[Opening RECORDS PROVIDED section]
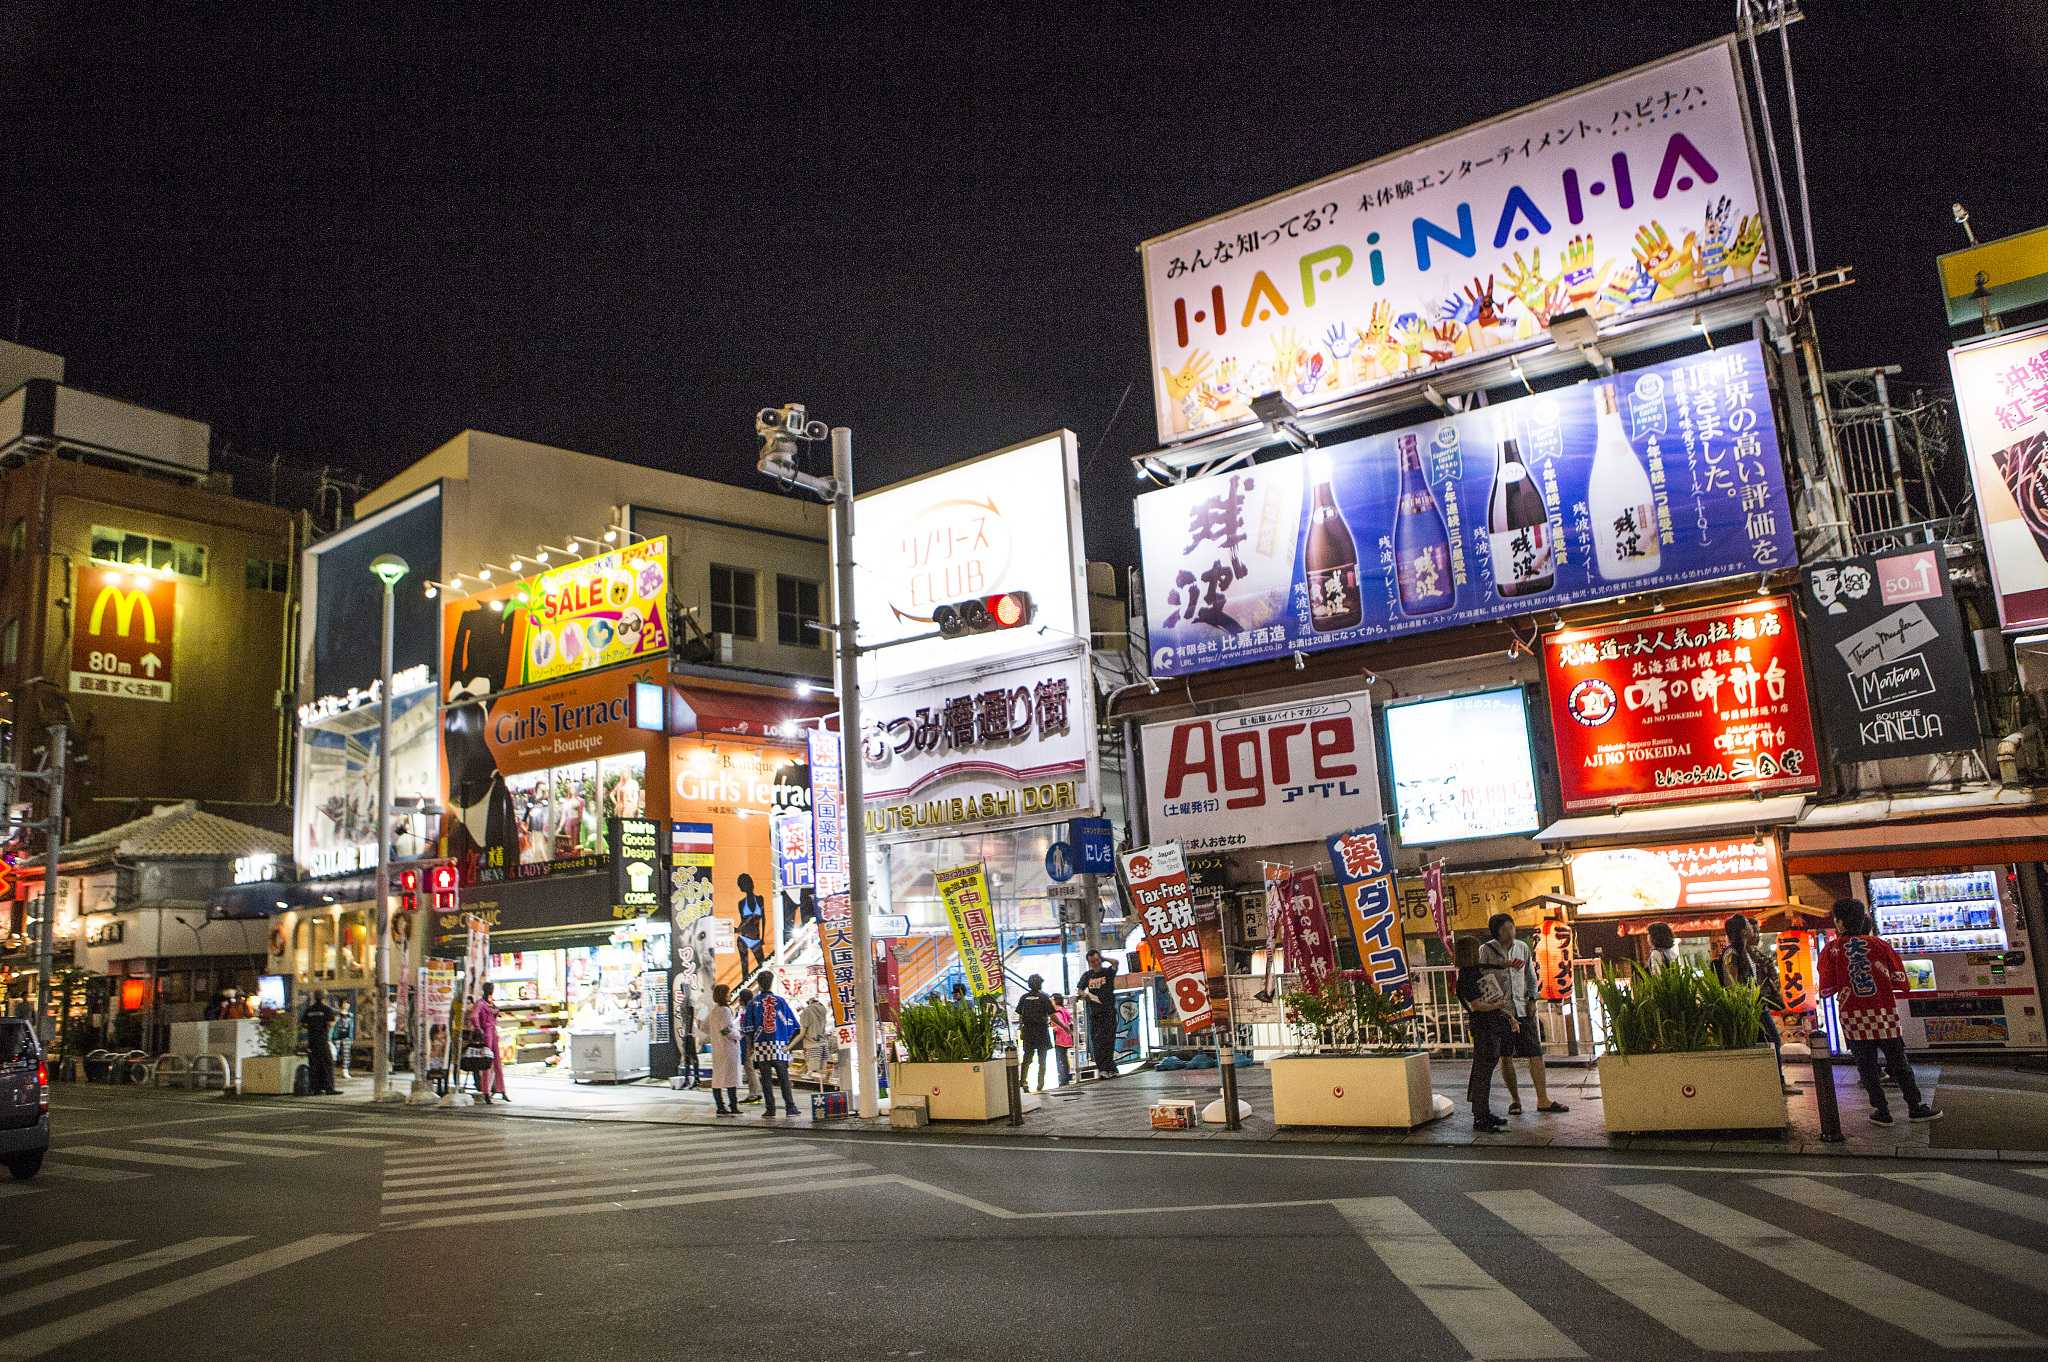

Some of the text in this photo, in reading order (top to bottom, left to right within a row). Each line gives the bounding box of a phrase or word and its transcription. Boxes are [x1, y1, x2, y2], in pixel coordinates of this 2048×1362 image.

[1167, 202, 1338, 279] みんな知ってる?
[1687, 360, 1736, 497] 頂きました。
[1436, 461, 1458, 471] AWARD
[1721, 352, 1778, 565] 世界の高い評価を
[1573, 501, 1594, 585] 残波ホワイト
[1613, 506, 1645, 560] 残波
[1163, 474, 1255, 633] 残波
[1473, 526, 1493, 602] 残波ブラック
[1511, 527, 1540, 580] 残波
[911, 560, 985, 607] CLUB
[1414, 546, 1443, 600] 残波
[1885, 576, 1923, 593] 50m
[544, 577, 604, 619] SALE
[1294, 582, 1312, 636] 残波古酒
[643, 622, 663, 649] 2F
[1176, 625, 1286, 657] 有限会社 比嘉酒造
[1288, 626, 1388, 650] お酒は20歳になってから。
[1559, 612, 1782, 668] 北海道で大人気の拉麺店
[89, 651, 132, 675] 80m
[1180, 659, 1195, 667] URL
[1632, 646, 1752, 678] 北海道札幌拉麺
[1624, 657, 1787, 714] 味の時計台
[1862, 666, 1921, 704] Montana
[495, 706, 548, 744] Girl's
[861, 677, 1069, 762] むつみ橋通り街
[1642, 710, 1703, 725] AJI NO TOKEIDAI
[1876, 708, 1921, 721] BOUTIQUE
[554, 734, 603, 754] Boutique
[1583, 743, 1692, 768] AJI NO TOKEIDAI
[1626, 741, 1651, 750] Sapporo
[1651, 738, 1674, 746] Ramen
[557, 767, 588, 785] SALE
[723, 755, 775, 775] Boutique
[1164, 716, 1358, 811] Agre
[676, 769, 741, 802] Girl's
[1281, 781, 1360, 804] アグレ
[864, 780, 1078, 834] MUTSUMIBASHI DORI
[621, 834, 656, 847] Goods
[622, 847, 656, 861] Design
[1085, 843, 1112, 862] にしき
[1190, 833, 1247, 851] 求人おきなわ
[1335, 833, 1383, 878] 薬
[518, 863, 548, 878] LADY's
[588, 857, 597, 867] by
[783, 861, 808, 886] 1F
[624, 893, 657, 904] COSMIC
[1135, 882, 1188, 905] Tax-Free
[1143, 897, 1197, 938] 免税
[715, 939, 735, 949] SALE
[1554, 925, 1573, 996] ラーメン
[1777, 936, 1807, 1010] ラーメン
[1185, 1011, 1212, 1027] DAIKOK
[Closing RECORDS PROVIDED section]
# EXERCISE OBJECTIVE
Copy out the lines above with "Girl" in them.

# REPLY TO THE EXERCISE
[495, 706, 548, 744] Girl's
[676, 769, 741, 802] Girl's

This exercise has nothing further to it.